EXERCISE BRIEF
From the first line to the last, restate the material word for word, omitting pictures.

MATERIAL TO PROCESS
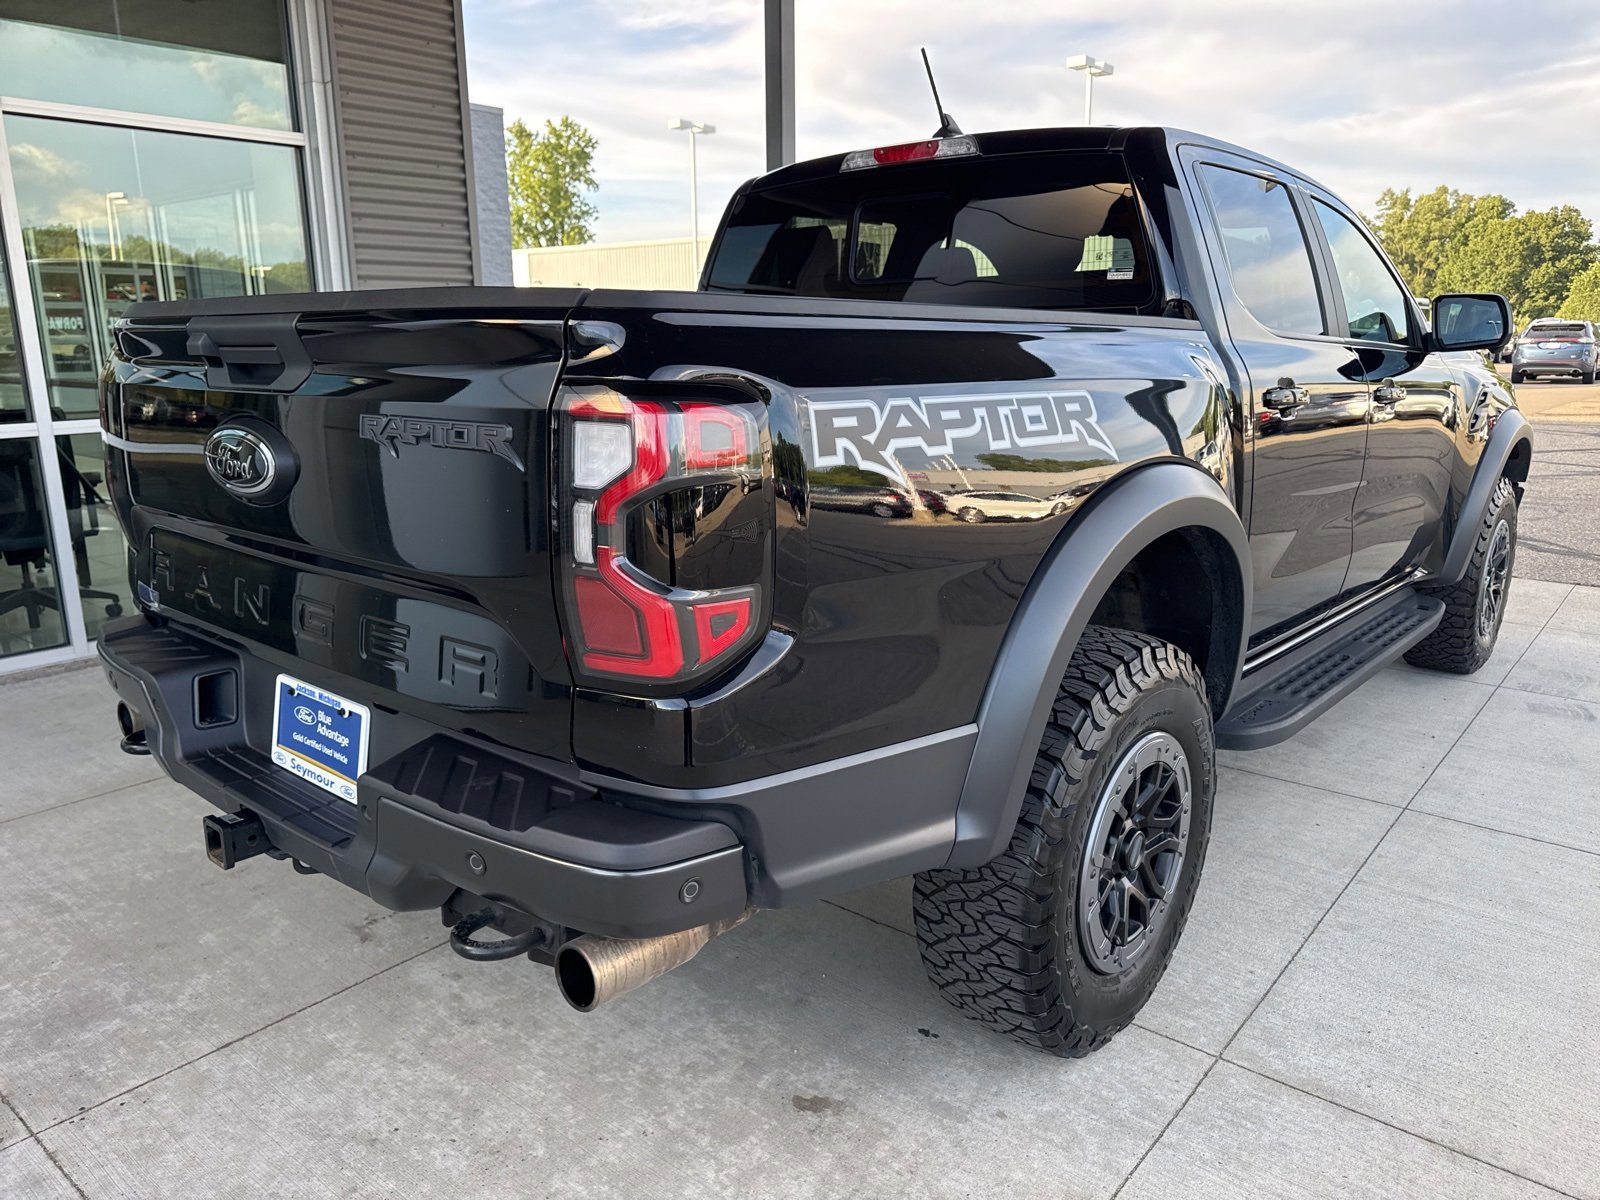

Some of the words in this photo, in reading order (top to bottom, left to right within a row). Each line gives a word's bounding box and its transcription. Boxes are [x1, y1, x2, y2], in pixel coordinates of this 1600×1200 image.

[360, 413, 525, 472] RAPTOR
[808, 390, 1120, 490] RAPTOR
[215, 442, 253, 479] Ford
[152, 547, 499, 698] RANGER
[297, 707, 314, 724] Ford
[318, 691, 341, 709] Michigan
[317, 710, 332, 726] Blue
[293, 732, 304, 743] Gold
[303, 736, 322, 751] Certified
[322, 744, 334, 757] Used
[333, 749, 349, 765] Vehicle
[317, 722, 350, 747] Advantage
[290, 757, 335, 788] Seymour
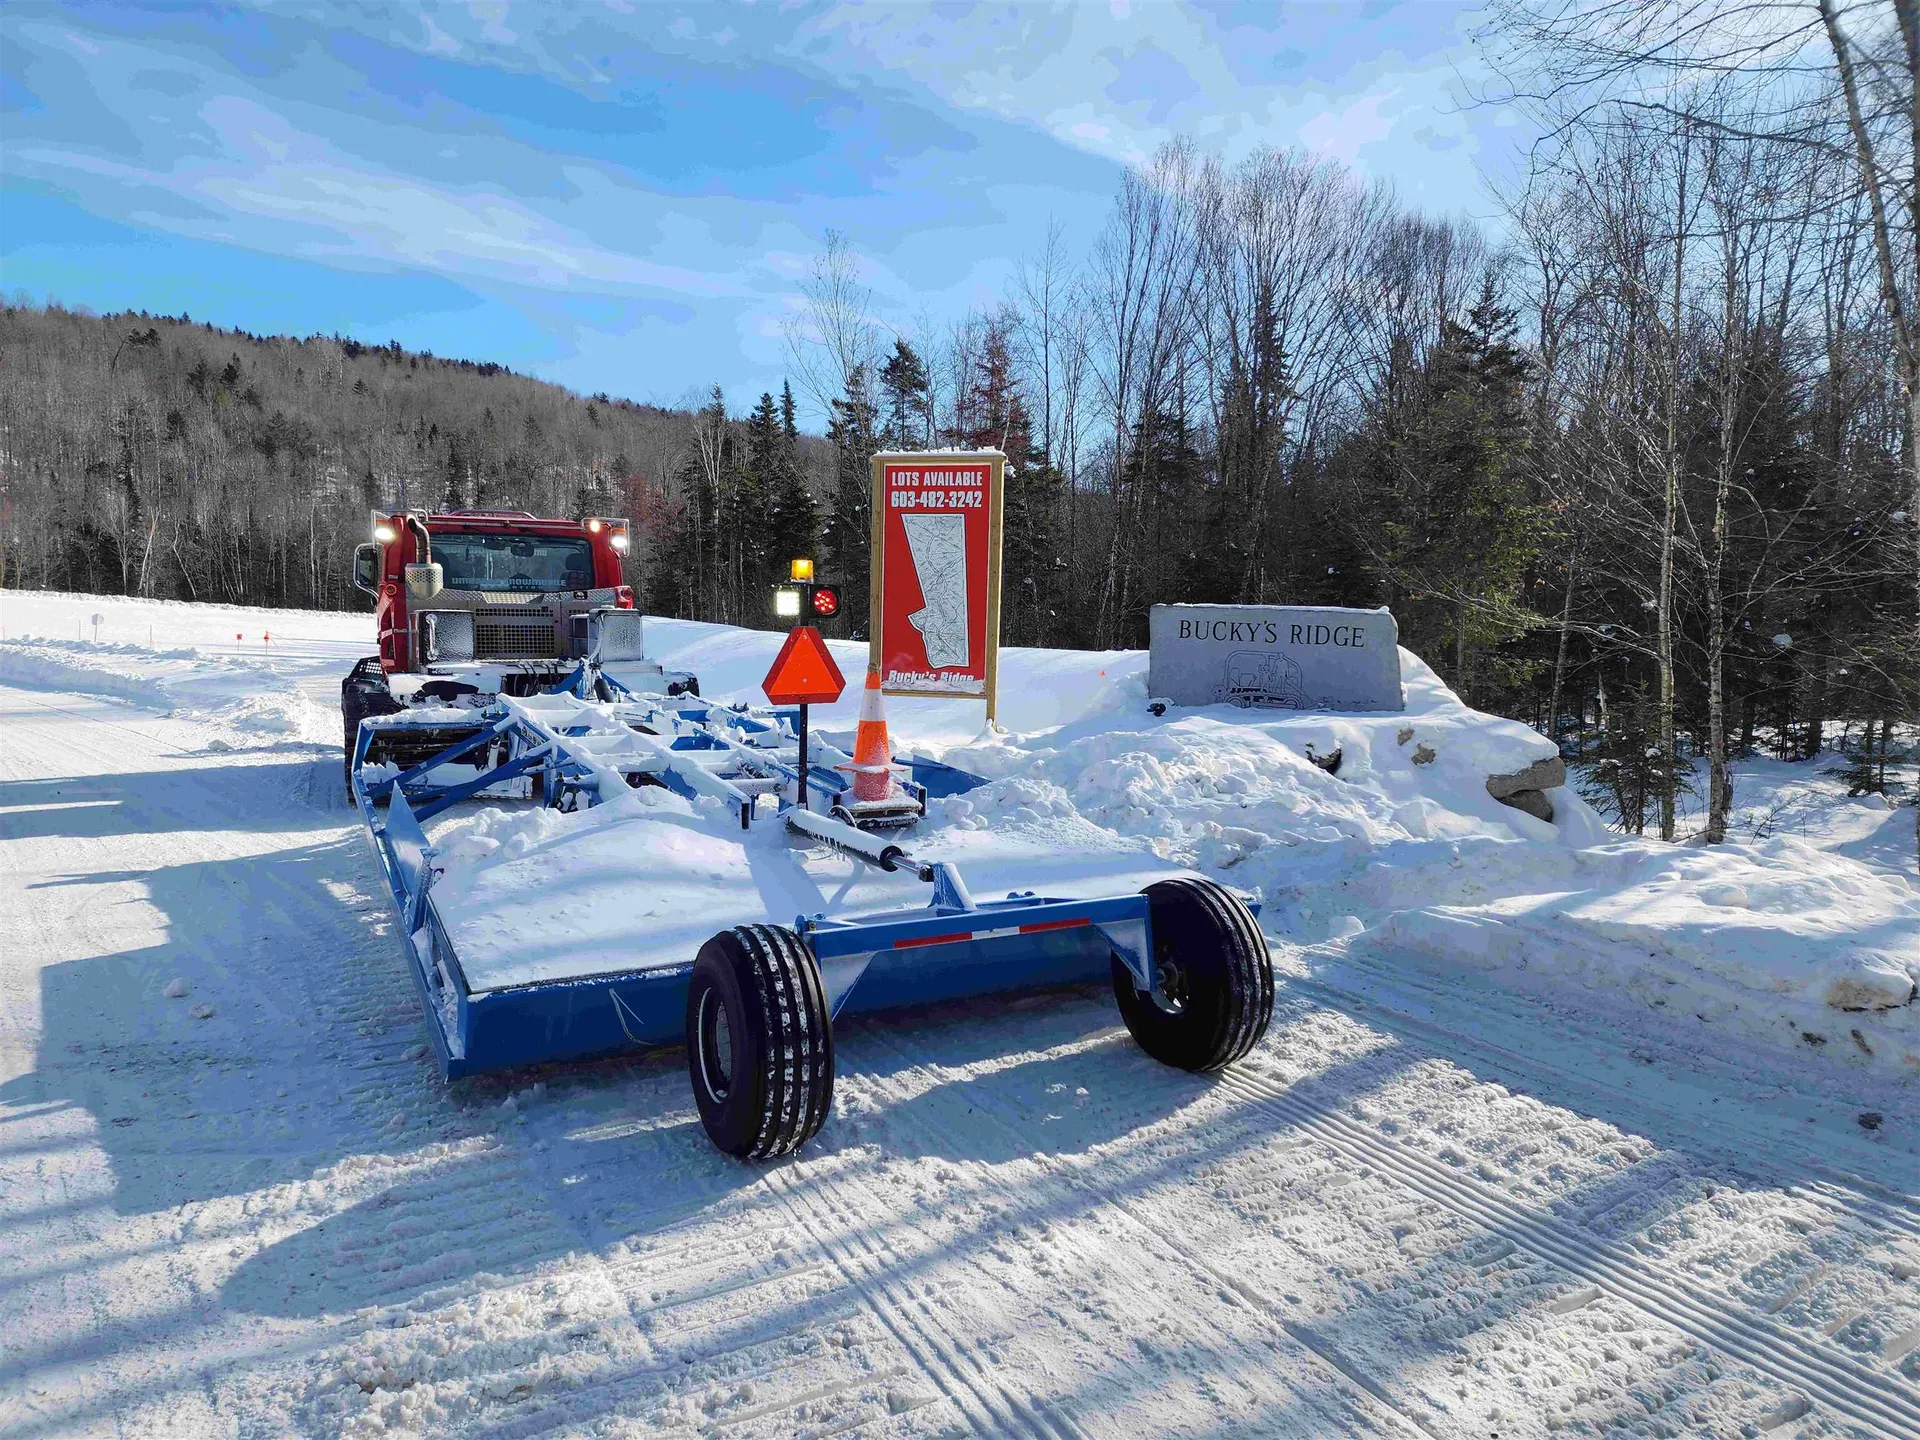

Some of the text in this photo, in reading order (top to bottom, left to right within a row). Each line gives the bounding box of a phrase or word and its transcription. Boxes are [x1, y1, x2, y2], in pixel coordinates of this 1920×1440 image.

[891, 472, 982, 486] LOTS AVAILABLE
[891, 491, 982, 508] 603-482-3242
[1178, 619, 1365, 648] BUCKY'S RIDGE

SOLUTION BELOW
Some of the words in this photo, in reading order (top to bottom, left to right within a row). Each line gives a word's bounding box and its transcription. Boxes are [x1, y1, x2, y2], in pixel coordinates of this 1600×1200 image.

[360, 413, 525, 472] RAPTOR
[808, 390, 1120, 490] RAPTOR
[215, 442, 253, 479] Ford
[152, 547, 499, 698] RANGER
[297, 707, 314, 724] Ford
[318, 691, 341, 709] Michigan
[317, 710, 332, 726] Blue
[293, 732, 304, 743] Gold
[303, 736, 322, 751] Certified
[322, 744, 334, 757] Used
[333, 749, 349, 765] Vehicle
[317, 722, 350, 747] Advantage
[290, 757, 335, 788] Seymour

Some of the text in this photo, in reading order (top to bottom, left to right within a row). Each line gives the bounding box of a phrase or word and its transcription. Boxes are [x1, y1, x2, y2], in pixel coordinates of this 1920×1440 image.

[891, 472, 982, 486] LOTS AVAILABLE
[891, 491, 982, 508] 603-482-3242
[1178, 619, 1365, 648] BUCKY'S RIDGE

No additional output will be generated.